I mentioned in this post on Marburg virus that another outbreak of hemorrhagic fever had been reported in the Democratic Republic of Congo (DRC, formerly Zaire). It’s now been officially reported by labs in Congo and Gabon that, indeed, this new outbreak is due to the Ebola virus. More on this after the jump.

As I’ve written previously, the DRC has been especially hard-hit by filovirus outbreaks. This was one of the places where Ebola first made its appearance in the human population, and was also the site of large outbreaks of the virus in 1995 and 2001 (with another Marburg outbreak in the middle of those two). Collectively these outbreaks already account for well over 800 cases of filoviral disease, and the ongoing epidemic appears to have driven that number up by 50%:

Provincial chief medical inspector Jean-Constatin Kanow says more than 160 people have died of the illness in the affected region since late August and nearly 400 have been infected.

He says the infections are mostly in two areas, Mweka and Luebo and the majority of the deaths ocurred at the beginning of the outbreak.

Makwenge did not say whether the outbreak has been contained.

That’s a huge number of cases in such a short amount of time, and it seems unlikely that it’s under control (if it was contained, they would have said as much).

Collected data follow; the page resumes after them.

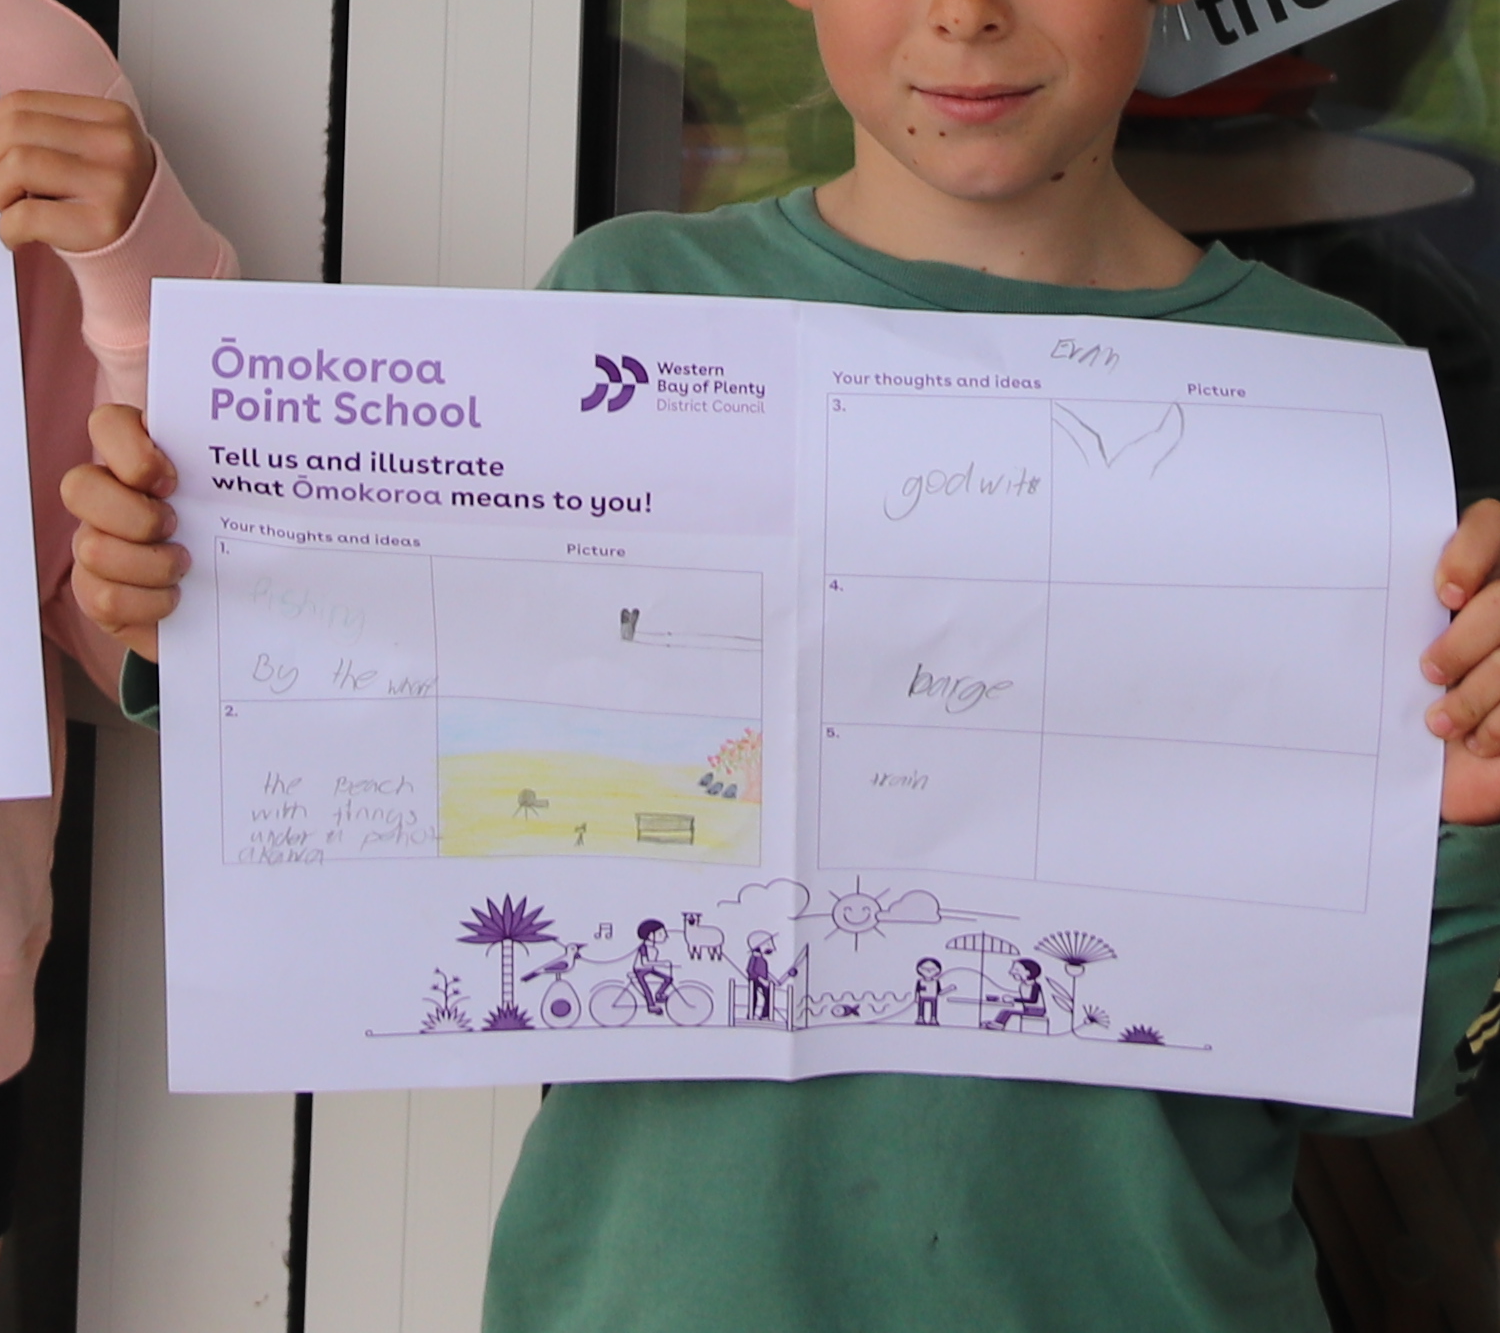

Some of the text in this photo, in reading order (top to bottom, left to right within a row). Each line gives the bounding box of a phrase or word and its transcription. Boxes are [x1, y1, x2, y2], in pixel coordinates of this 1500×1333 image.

[212, 337, 445, 385] Ōmokoroa
[657, 361, 725, 377] Western
[657, 379, 765, 398] Bay of Plenty
[832, 370, 1042, 390] Your thoughts and ideas
[1187, 382, 1246, 399] Picture
[210, 388, 481, 428] Point School
[657, 399, 765, 415] District Council
[832, 399, 846, 412] 3.
[209, 446, 504, 476] Tell us and illustrate
[212, 475, 653, 517] what Ōmokoroa means to you!
[220, 517, 421, 549] Your thoughts and ideas
[220, 542, 231, 555] 1.
[567, 544, 626, 558] Picture
[829, 579, 844, 592] 4.
[252, 652, 300, 693] By
[333, 657, 378, 692] the
[909, 662, 1014, 713] barge
[224, 705, 238, 718] 2.
[826, 726, 840, 738] 5.
[263, 772, 302, 795] the
[251, 803, 309, 823] with

The outbreak began in a typical manner. Likely one or more people became ill with the virus (the index case or cases). In this situation, they mention the funerals of two village chiefs in the region. It is often custom in these areas for family members to ritually wash the bodies after death–thereby coming into contact with large amounts of highly infectious body fluids and tissues. This probably triggered the epidemic here, which then amplified when the secondary cases (those infected by the index case(s)) died as well.

In some instances hospitals have acted as amplilfiers of the outbreak, spreading the illness via contaminated needles or poor hygienic practices within the hospital itself. As I mentioned in the earlier post, the medical situation in the DRC is abysmal: in 2001, an Oxfam report estimated that there were only 2,056 doctors for a population of 50 million, and of these, 930 are in Kinshasa (the capital and largest city).

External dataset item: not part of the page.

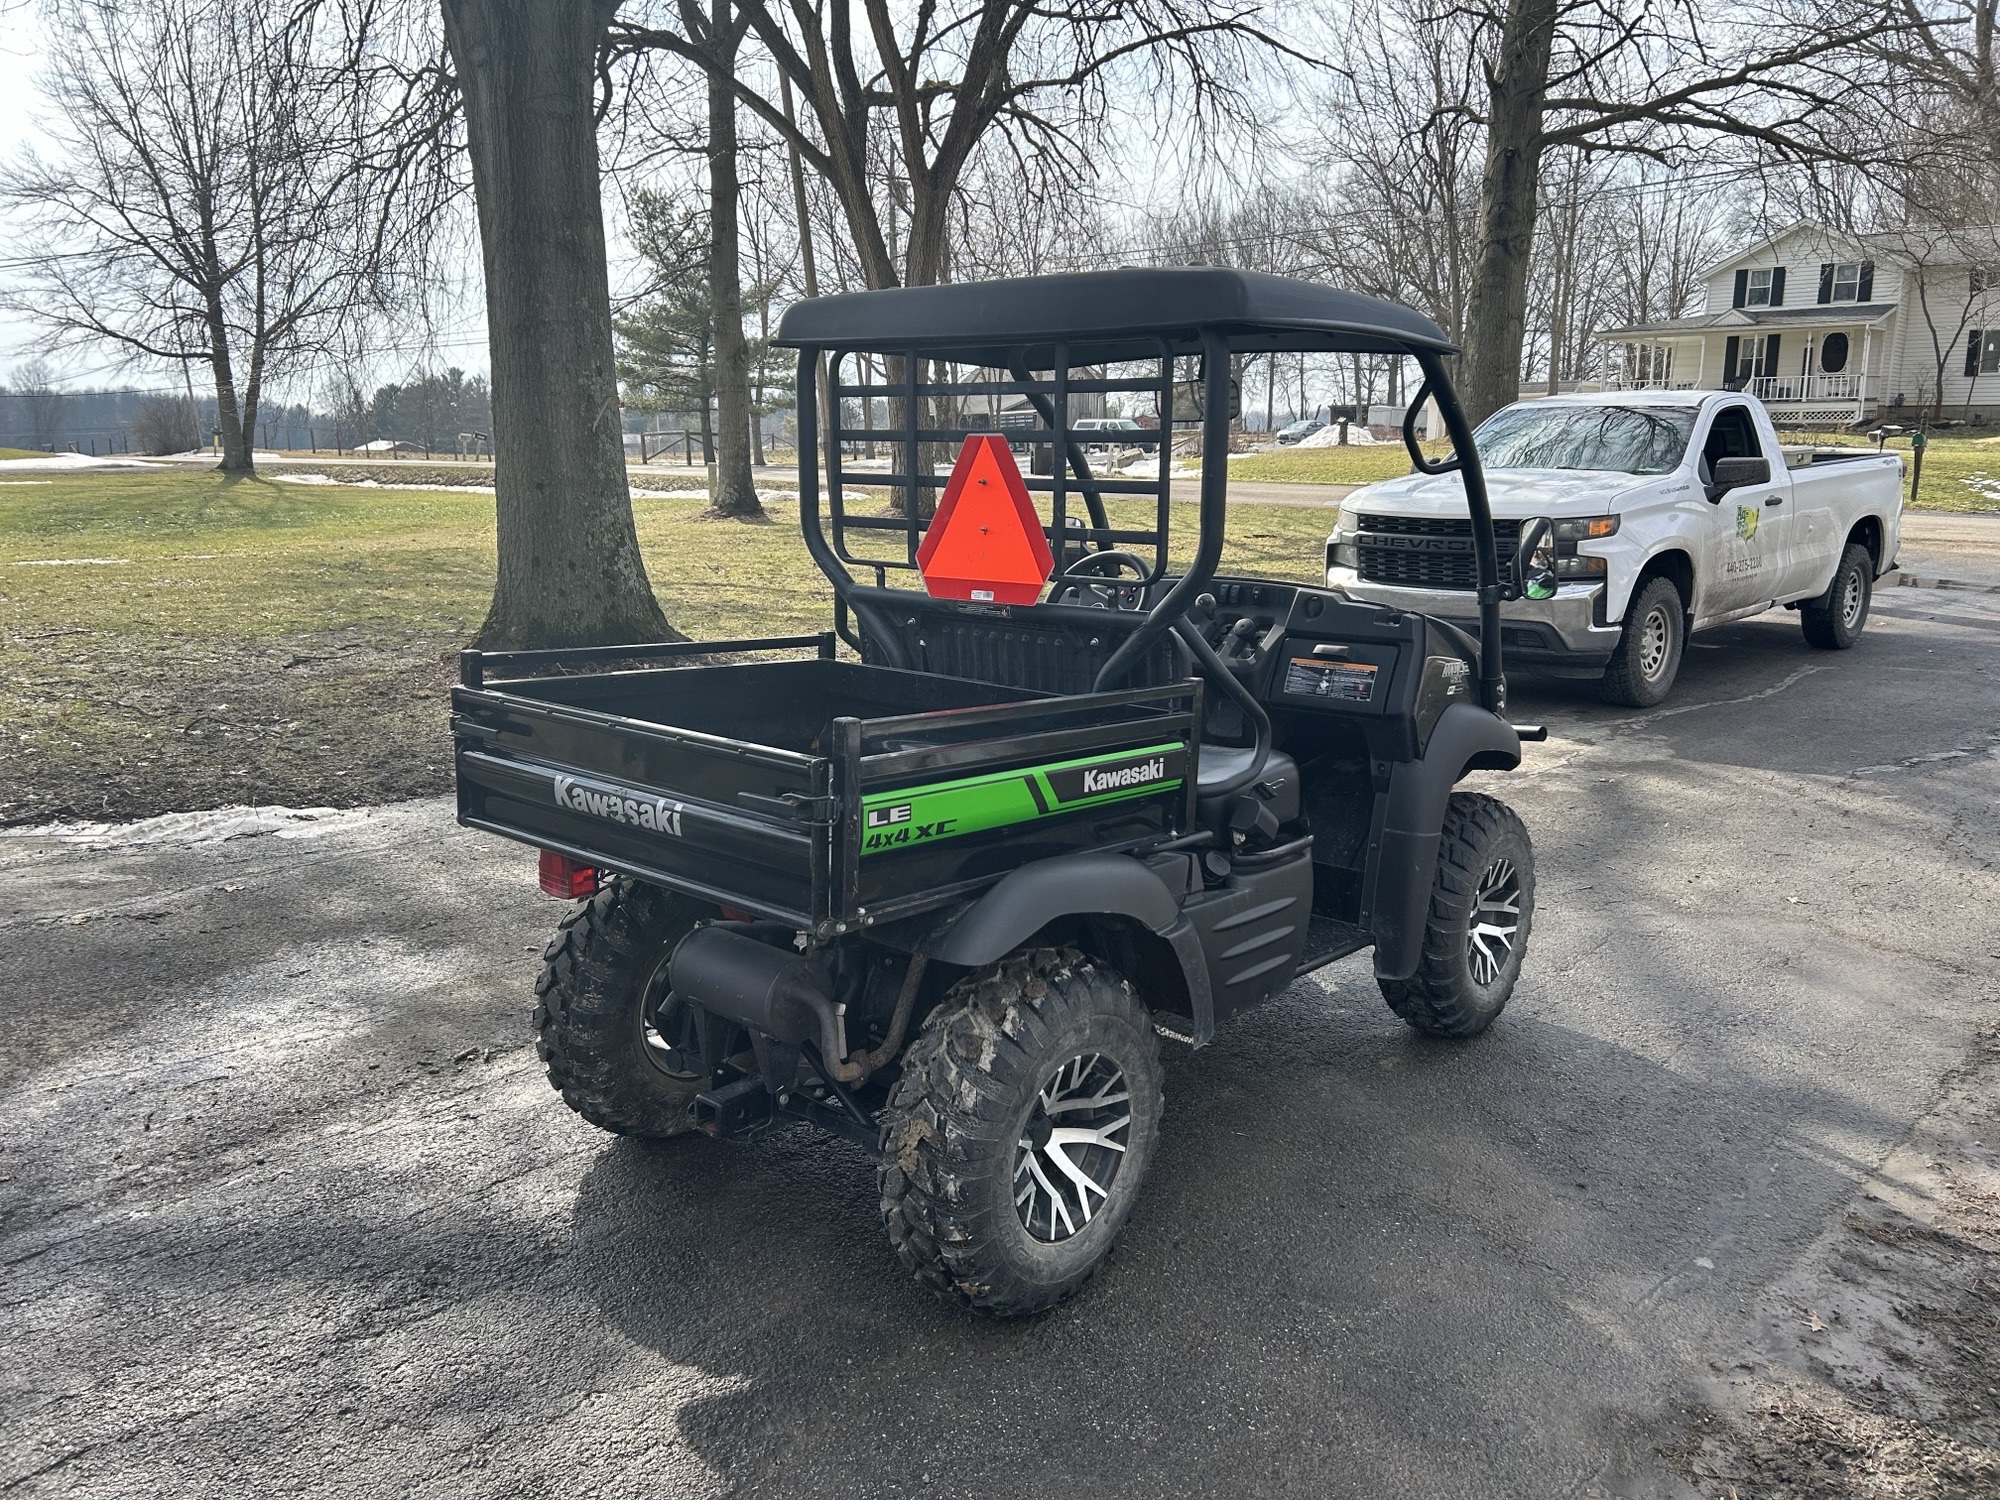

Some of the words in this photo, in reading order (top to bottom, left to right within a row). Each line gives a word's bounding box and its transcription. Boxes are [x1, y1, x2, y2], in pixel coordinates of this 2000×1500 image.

[1358, 535, 1519, 552] CHEVROE
[1083, 757, 1164, 793] Kawasaki
[554, 775, 685, 837] Kawasaki
[868, 805, 911, 827] LE

We still aren’t 100% sure of the reservoir for Ebola, and the article doesn’t mention how the index case(s) may have been infected. Like Marburg, Ebola has now been detected in wild fruit bats, and some outbreaks have been tied to bat exposure in humans, so it’s possible the virus is directly transmitted this way. In other cases, a non-human primate may act as an intermediate between the natural reservoir and the human population, as other outbreaks have been associated with butchering and eating bushmeat, including chimpanzees.

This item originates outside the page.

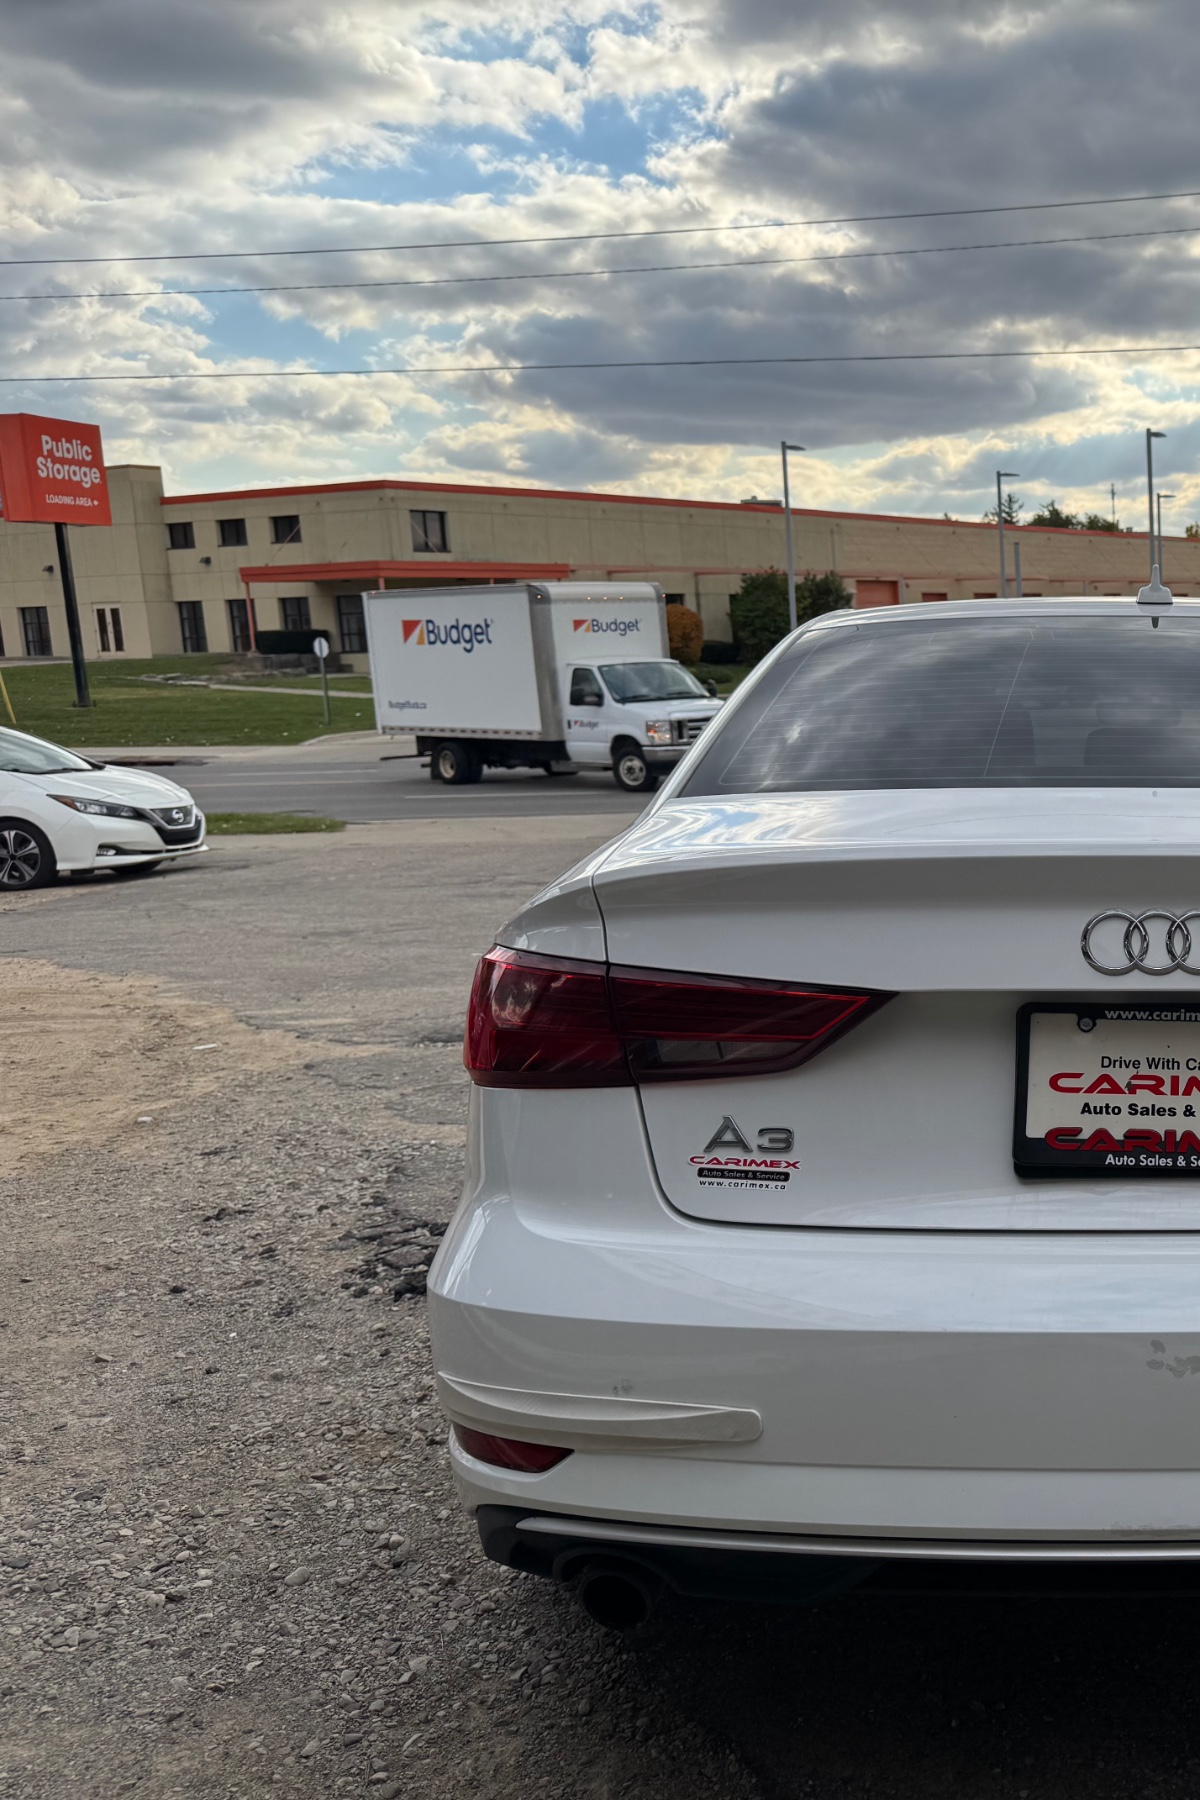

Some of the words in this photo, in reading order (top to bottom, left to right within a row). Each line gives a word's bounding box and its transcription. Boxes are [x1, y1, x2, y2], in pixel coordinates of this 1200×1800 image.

I’m sure there will be more information forthcoming as medical workers and epidemiologists enter the region and work to assess the situation. As it stands, the article reports that four villages are affected, with 103 deaths out of 217 confirmed cases just by the end of August (and by the numbers early in the article, apparently an extra ~50 deaths and almost 200 additional cases this month alone). I don’t have any information yet regarding identification of the strain of virus, but from the numbers it seems unlikely to be the Zaire strain that’s hit DRC in the past (typically causing upwards off 80% mortality).

[Update: this story notes that potentially Shigella cases are mingled with Ebola ones, making the total numbers and the mortality figures in doubt currently. Stay tuned for more as this gets sorted out…]

Comments

  1. #1 Charles E. Kimble
    February 7, 2008

    Has the strain of Ebola responsible for the Kasai Occidental outbreak been identified and sequenced?

    2/7/08

  2. #2 Charles E. Kimble
    February 7, 2008

    Has the strain of Ebola responsible for the Kasai Occidental outbreak been identified and sequenced?

    2/7/08

  3. #3 Tara C. Smith
    February 7, 2008

    I’ve not seen any official publication on it, but workers I interviewed said it had been identified as the Zaire strain.